The other Multiversal doctors and physicians who became aware of this profligate spending reacted with a mixture of envy, disbelief, and outright horror and it further spread to the whole world.

"He's feeding her Quintessence Crystals?!" one ancient cultivator exclaimed upon hearing the news. "Do you have any idea how rare those are? I've been searching for one for the past three thousand epochs"

"He's not just feeding them to her," another replied weakly. "He's grinding them into powder and mixing them with Phoenix Marrow Essence to make smoothies. SMOOTHIES."

"That's... that's obscene. That's waste on a cosmic scale."

"That's love," a third voice interjected, and the others fell silent, unable to argue.

But it wasn't just the resources that shocked the doctors. It was Elias himself—the being who had casually erased Zorak and Morth'ak from existence—behaving with such tender devotion.

He would spend hours each day with his hand on Kaelen's belly, his consciousness intertwined with their daughter's, teaching her, protecting her, showing her the wonders of the cosmos she would soon enter.

He would carry Kaelen through their home when she was tired, despite her protests that she was perfectly capable of walking.

He would cook for her personally—a task he could have easily delegated to servants—because he wanted to ensure every meal was optimized for her and their daughter's needs.

"You're being ridiculous," Kaelen said one evening, watching Elias meticulously prepare a dish that incorporated seventeen different rare ingredients. "I'm a Multiversal Being. I don't even need to eat."

"Need and optimization are different concepts," Elias replied, not looking up from his work. "This meal will provide a 0.003% increase in spiritual energy refinement efficiency."
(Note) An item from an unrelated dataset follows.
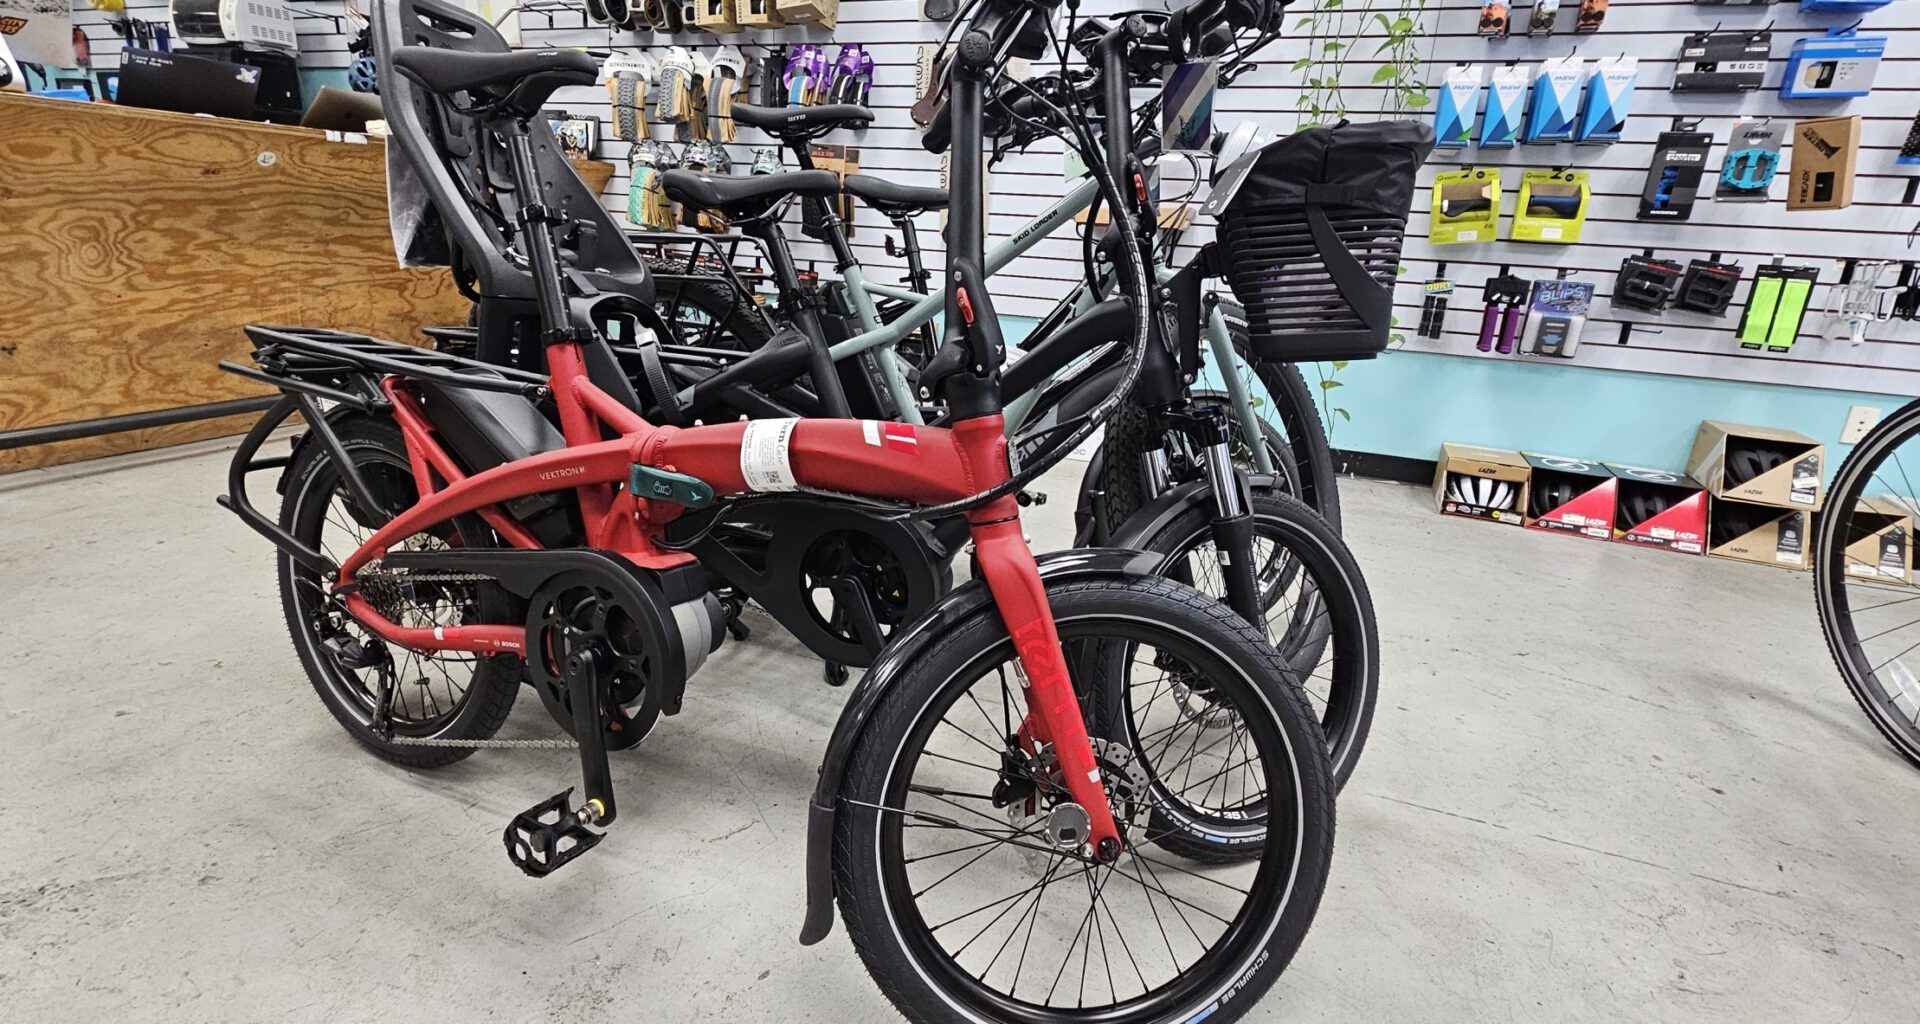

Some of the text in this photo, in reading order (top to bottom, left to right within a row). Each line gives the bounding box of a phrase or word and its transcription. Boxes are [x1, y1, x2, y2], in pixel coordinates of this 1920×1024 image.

"That's... that's practically nothing."

"Over the course of a century, that 0.003% compounds. Every advantage matters when it comes to our daughter's development."

Kaelen couldn't help but smile. This was a side of Elias that few in the multiverse would ever see—not the cold, logical calculator who could unmake beings with a wave, but the devoted husband and father who obsessed over fractional percentage improvements because he loved his family with the same intensity he applied to everything else in his existence.